• DESCRIPTION OF THE TASK: If a picture appears in the records, leave it out and transcribe the rest exactly.

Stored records
------------------------------
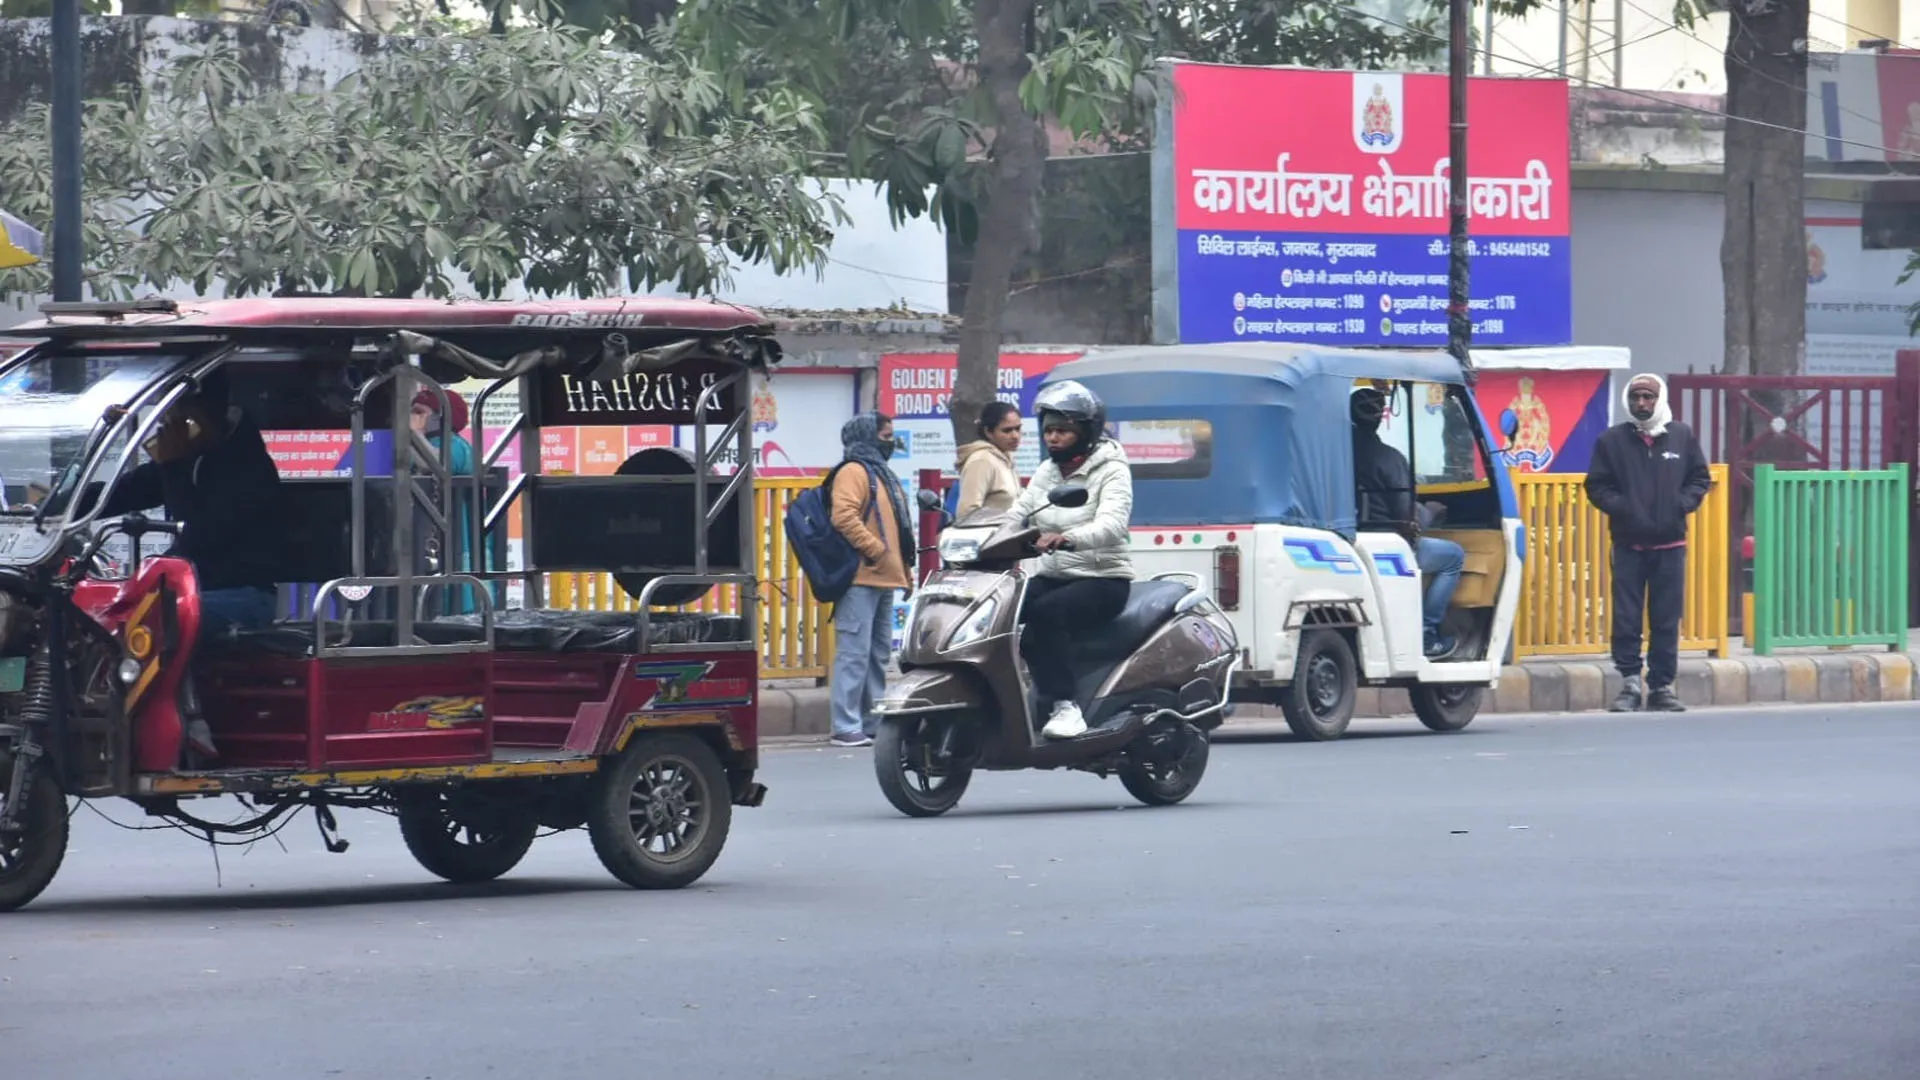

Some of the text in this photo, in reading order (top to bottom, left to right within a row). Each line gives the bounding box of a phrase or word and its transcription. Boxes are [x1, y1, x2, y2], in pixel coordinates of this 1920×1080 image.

[1192, 152, 1353, 218] कार्यालय
[891, 368, 945, 390] GOLDEN
[997, 368, 1023, 390] FOR
[895, 393, 933, 415] ROAD
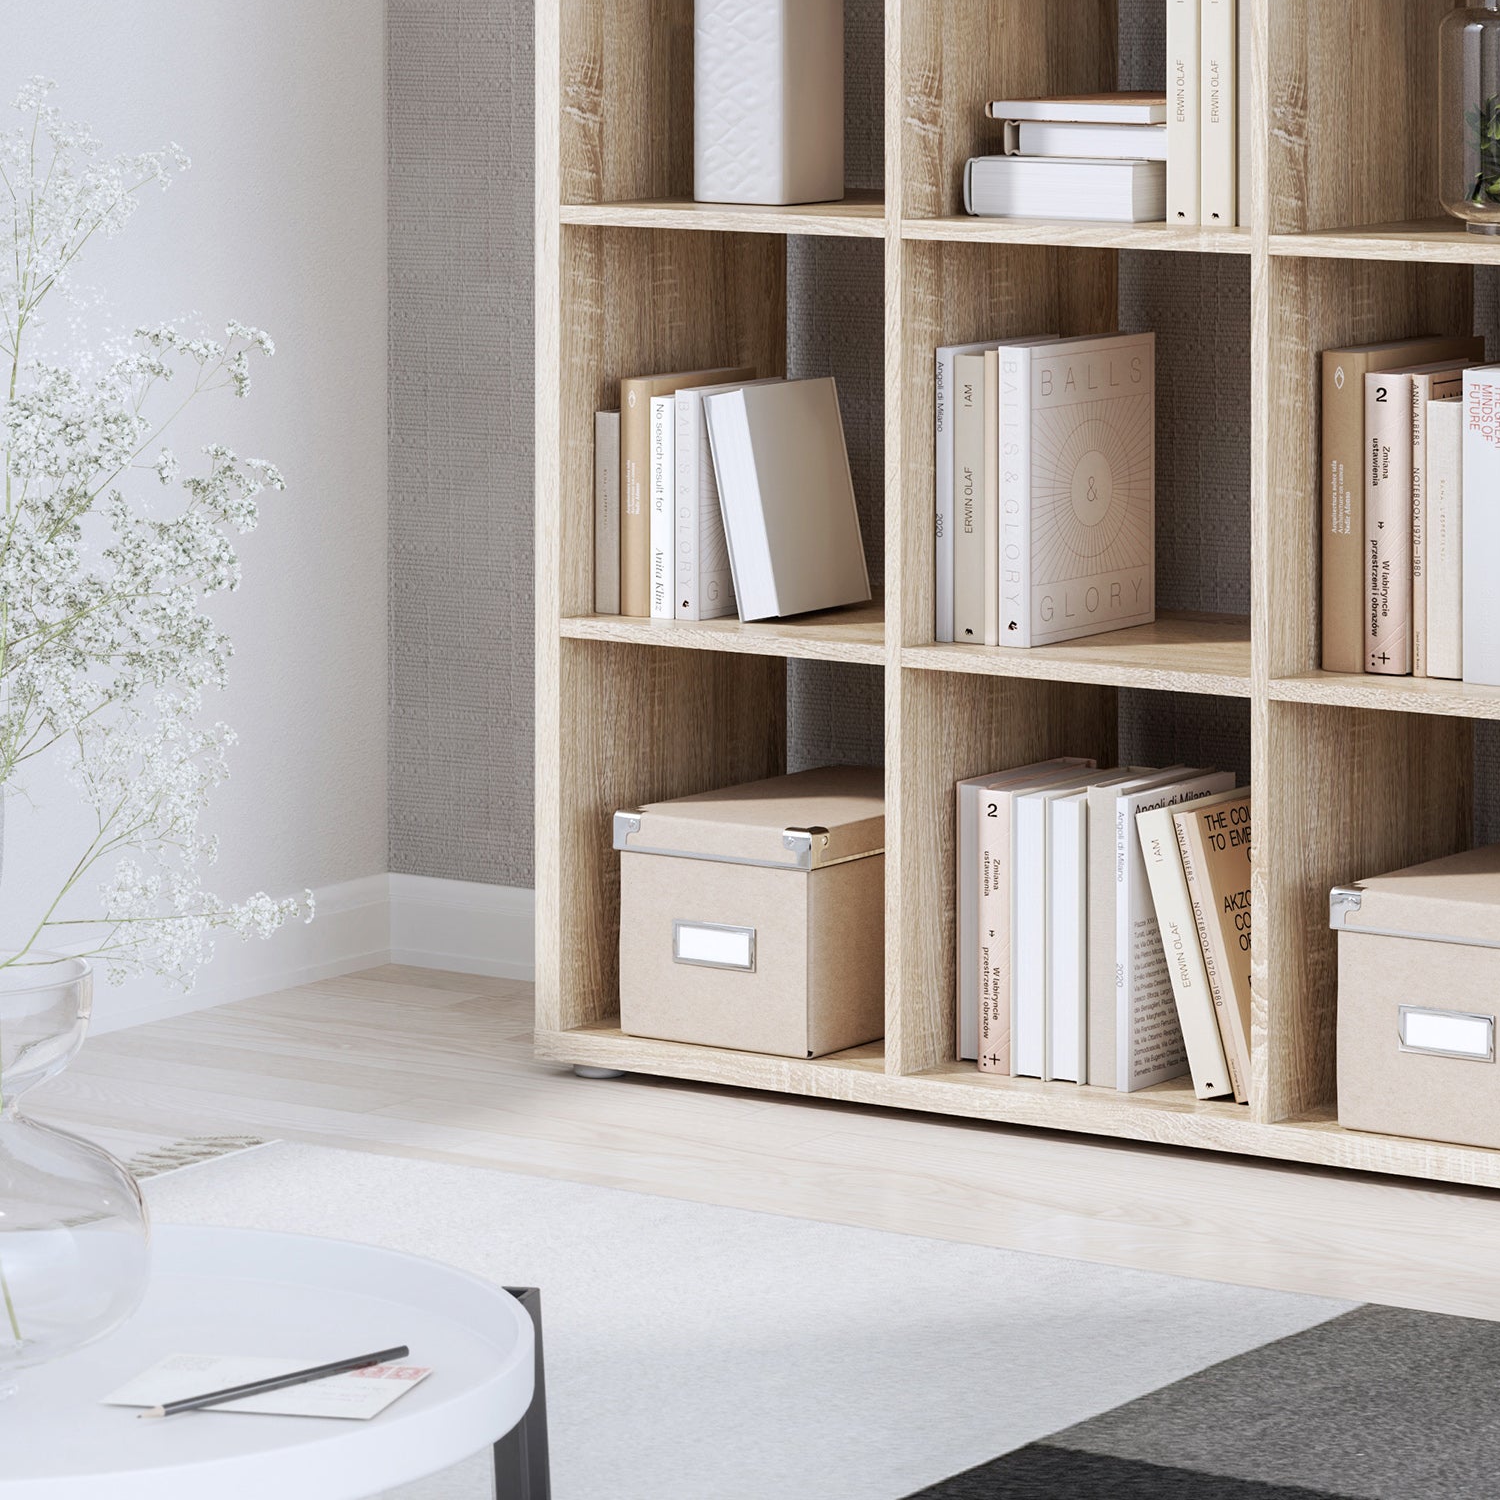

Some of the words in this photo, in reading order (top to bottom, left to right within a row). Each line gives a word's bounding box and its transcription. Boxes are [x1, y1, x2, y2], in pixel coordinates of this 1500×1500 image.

[1177, 59, 1185, 85] OLAF
[1210, 60, 1219, 86] OLAF
[1177, 86, 1185, 122] ERWIN
[1210, 87, 1219, 123] ERWIN
[1041, 357, 1142, 397] BALLS
[965, 384, 972, 402] AM
[1376, 387, 1387, 402] 2
[1469, 383, 1481, 430] FUTURE
[1482, 384, 1493, 423] MINDS
[656, 403, 664, 420] No
[655, 422, 664, 460] search
[1482, 426, 1493, 442] OF
[1372, 438, 1380, 486] ustawienia
[1382, 446, 1390, 479] Zmiana
[655, 463, 664, 495] result
[964, 466, 973, 495] OLAF
[1086, 476, 1098, 502] &
[655, 497, 664, 513] for
[964, 496, 973, 534] ERWIN
[935, 513, 943, 538] 2020
[1004, 499, 1020, 606] GLORY
[1370, 540, 1379, 590] przestrzeni
[1382, 560, 1389, 570] W
[1040, 577, 1143, 622] GLORY
[1371, 597, 1379, 637] obrazów
[987, 803, 998, 818] 2
[1204, 811, 1228, 831] THE
[1151, 839, 1162, 857] AM
[1208, 833, 1226, 852] TO
[1168, 922, 1183, 950] OLAF
[1194, 901, 1211, 956] NOTEBOOK
[982, 947, 990, 995] przestrzeni
[993, 967, 1000, 976] W
[1115, 963, 1123, 988] 2020
[1176, 952, 1191, 988] ERWIN
------------------------------
• ANSWER TO THIS PROBLEM:
Some of the text in this photo, in reading order (top to bottom, left to right within a row). Each line gives the bounding box of a phrase or word and its transcription. Boxes are [x1, y1, x2, y2], in pixel coordinates of this 1920×1080 image.

[1192, 152, 1353, 218] कार्यालय
[891, 368, 945, 390] GOLDEN
[997, 368, 1023, 390] FOR
[895, 393, 933, 415] ROAD

Some of the words in this photo, in reading order (top to bottom, left to right within a row). Each line gives a word's bounding box and its transcription. Boxes are [x1, y1, x2, y2], in pixel coordinates of this 1500×1500 image.

[1177, 59, 1185, 85] OLAF
[1210, 60, 1219, 86] OLAF
[1177, 86, 1185, 122] ERWIN
[1210, 87, 1219, 123] ERWIN
[1041, 357, 1142, 397] BALLS
[965, 384, 972, 402] AM
[1376, 387, 1387, 402] 2
[1469, 383, 1481, 430] FUTURE
[1482, 384, 1493, 423] MINDS
[656, 403, 664, 420] No
[655, 422, 664, 460] search
[1482, 426, 1493, 442] OF
[1372, 438, 1380, 486] ustawienia
[1382, 446, 1390, 479] Zmiana
[655, 463, 664, 495] result
[964, 466, 973, 495] OLAF
[1086, 476, 1098, 502] &
[655, 497, 664, 513] for
[964, 496, 973, 534] ERWIN
[935, 513, 943, 538] 2020
[1004, 499, 1020, 606] GLORY
[1370, 540, 1379, 590] przestrzeni
[1382, 560, 1389, 570] W
[1040, 577, 1143, 622] GLORY
[1371, 597, 1379, 637] obrazów
[987, 803, 998, 818] 2
[1204, 811, 1228, 831] THE
[1151, 839, 1162, 857] AM
[1208, 833, 1226, 852] TO
[1168, 922, 1183, 950] OLAF
[1194, 901, 1211, 956] NOTEBOOK
[982, 947, 990, 995] przestrzeni
[993, 967, 1000, 976] W
[1115, 963, 1123, 988] 2020
[1176, 952, 1191, 988] ERWIN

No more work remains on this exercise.